Repeat each record below exactly, dropping the pictures.
== Segment start ==
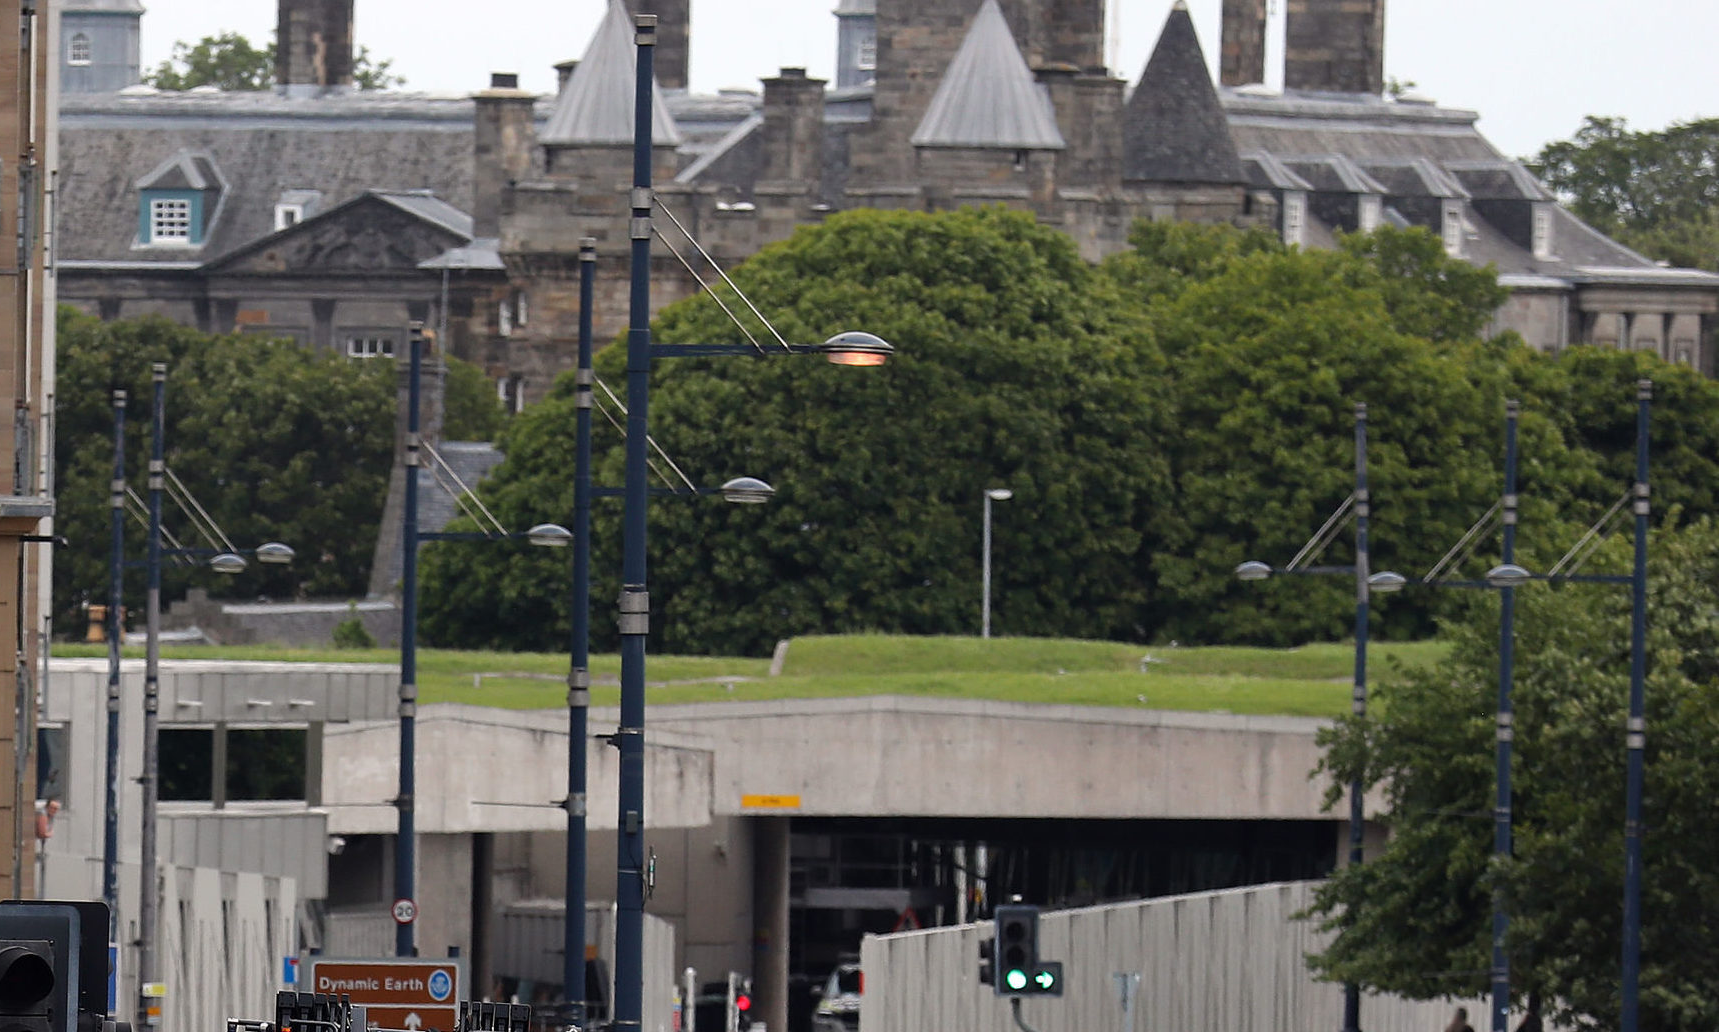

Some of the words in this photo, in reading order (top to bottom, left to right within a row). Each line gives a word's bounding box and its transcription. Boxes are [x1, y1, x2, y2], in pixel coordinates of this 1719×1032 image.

[396, 905, 414, 918] 20
[319, 976, 380, 992] Dynamic
[384, 977, 424, 991] Earth
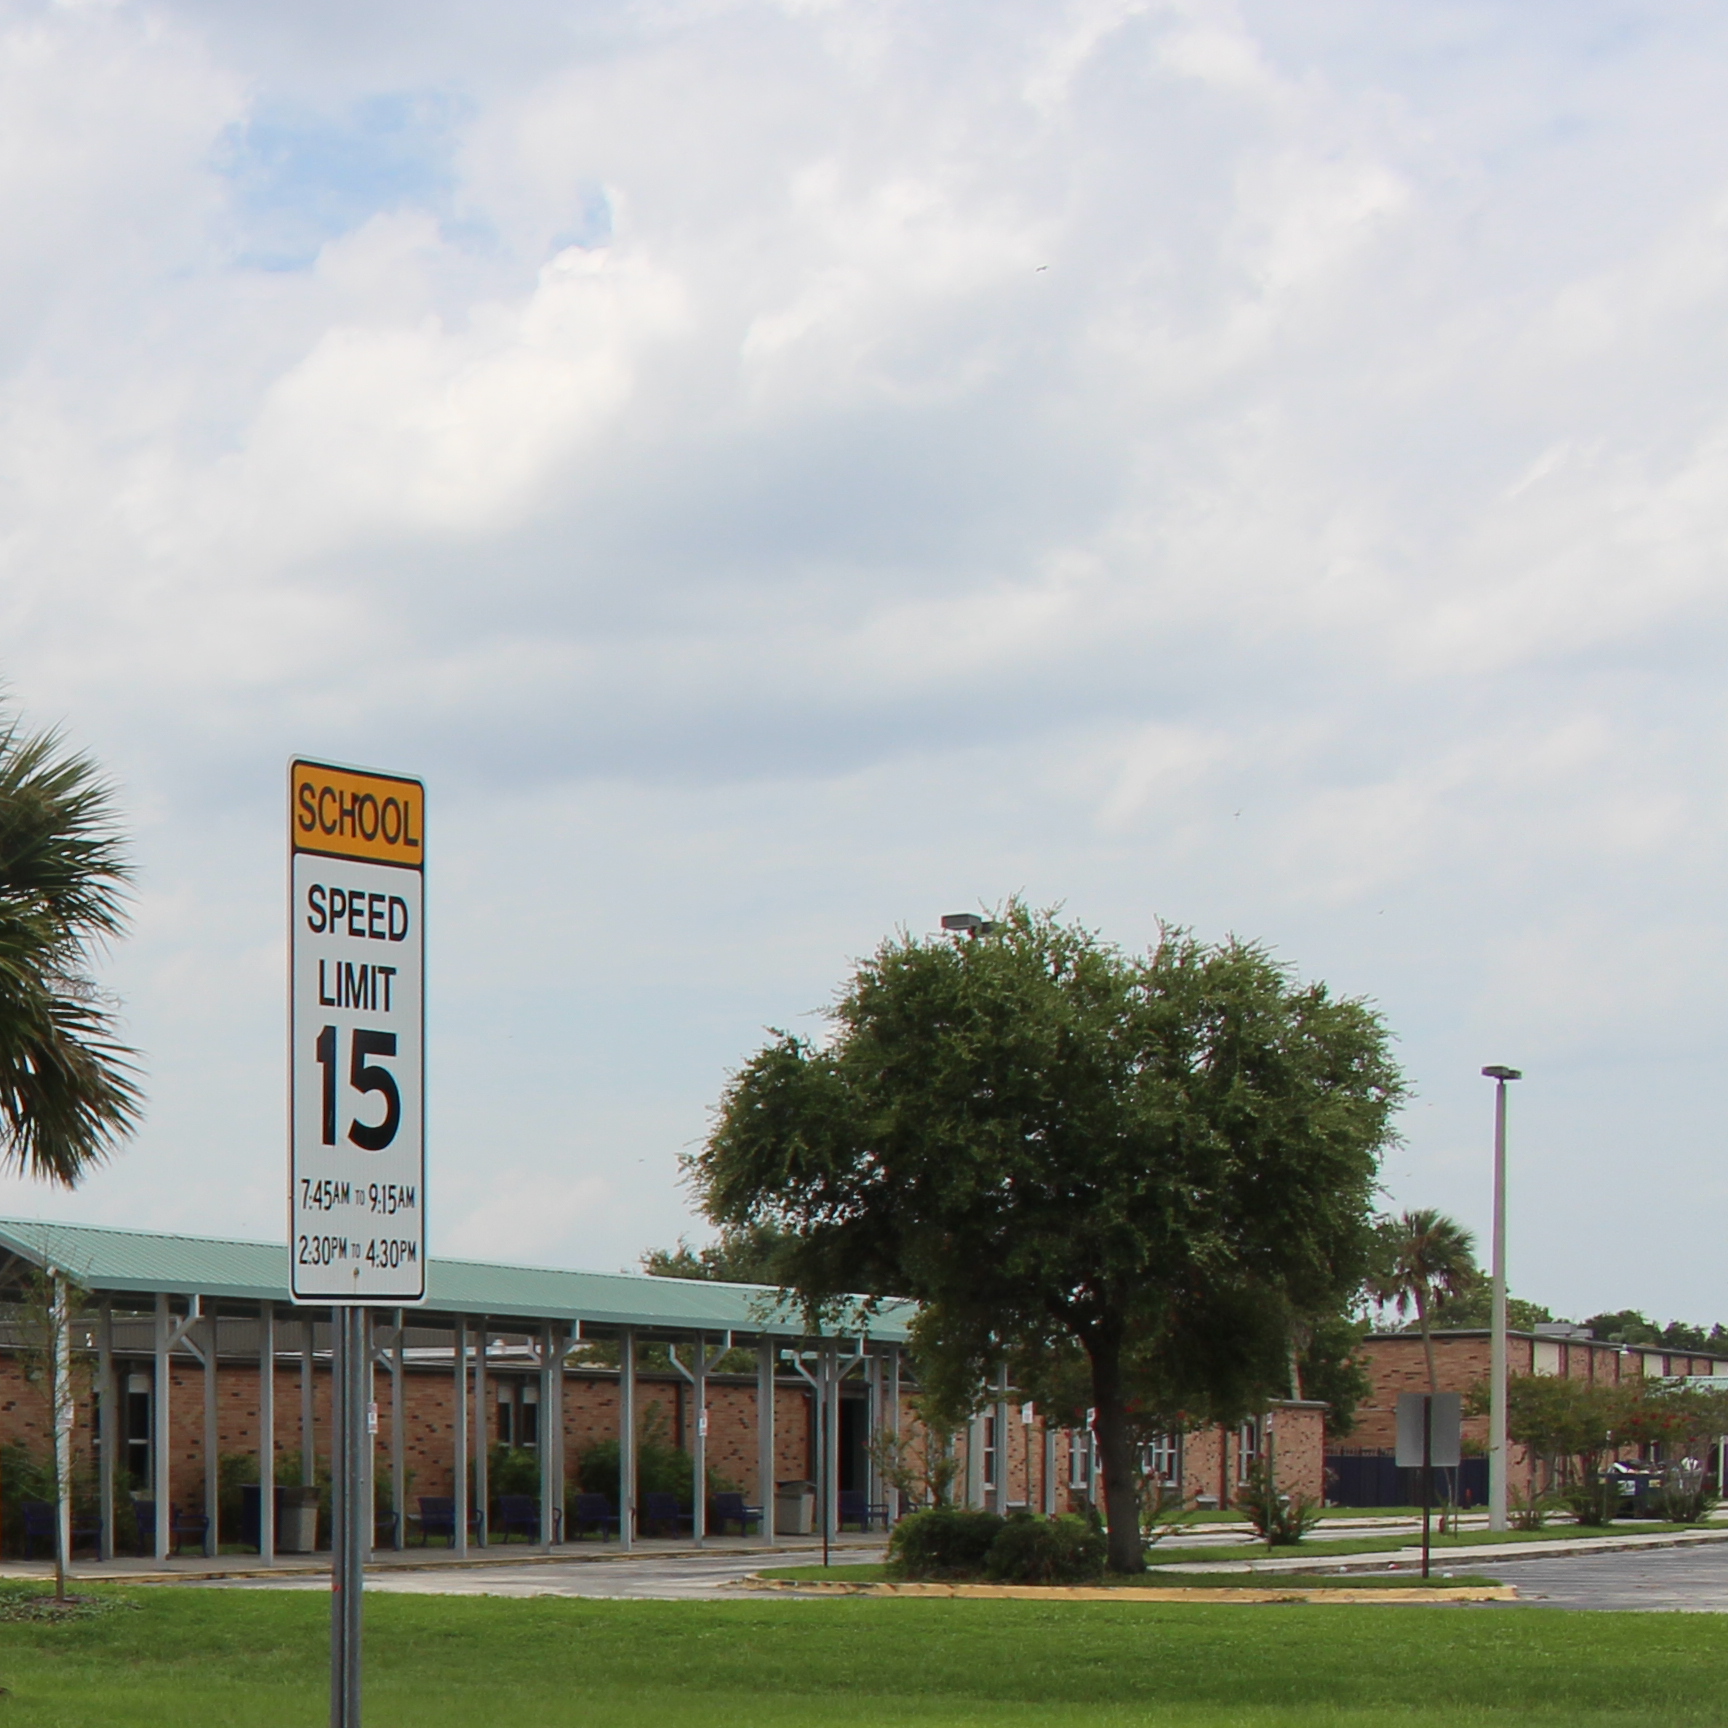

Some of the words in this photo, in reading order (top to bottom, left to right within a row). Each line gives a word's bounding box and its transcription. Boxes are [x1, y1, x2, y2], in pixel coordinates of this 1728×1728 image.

[298, 782, 419, 847] SCHOOL
[307, 884, 409, 942] SPEED
[318, 959, 396, 1012] LIMIT
[316, 1024, 401, 1151] 15
[301, 1178, 350, 1211] 7:45AM
[355, 1189, 365, 1205] TO
[369, 1183, 415, 1215] 9:15AM
[299, 1234, 348, 1266] 2:30PM
[351, 1243, 361, 1259] TO
[365, 1238, 417, 1269] 4:30PM
== Segment end ==
Solution to this task -
Some of the words in this photo, in reading order (top to bottom, left to right within a row). Each line gives a word's bounding box and its transcription. Boxes are [x1, y1, x2, y2], in pixel coordinates of this 1719×1032 image.

[396, 905, 414, 918] 20
[319, 976, 380, 992] Dynamic
[384, 977, 424, 991] Earth

Some of the words in this photo, in reading order (top to bottom, left to right within a row). Each line gives a word's bounding box and its transcription. Boxes are [x1, y1, x2, y2], in pixel coordinates of this 1728×1728 image.

[298, 782, 419, 847] SCHOOL
[307, 884, 409, 942] SPEED
[318, 959, 396, 1012] LIMIT
[316, 1024, 401, 1151] 15
[301, 1178, 350, 1211] 7:45AM
[355, 1189, 365, 1205] TO
[369, 1183, 415, 1215] 9:15AM
[299, 1234, 348, 1266] 2:30PM
[351, 1243, 361, 1259] TO
[365, 1238, 417, 1269] 4:30PM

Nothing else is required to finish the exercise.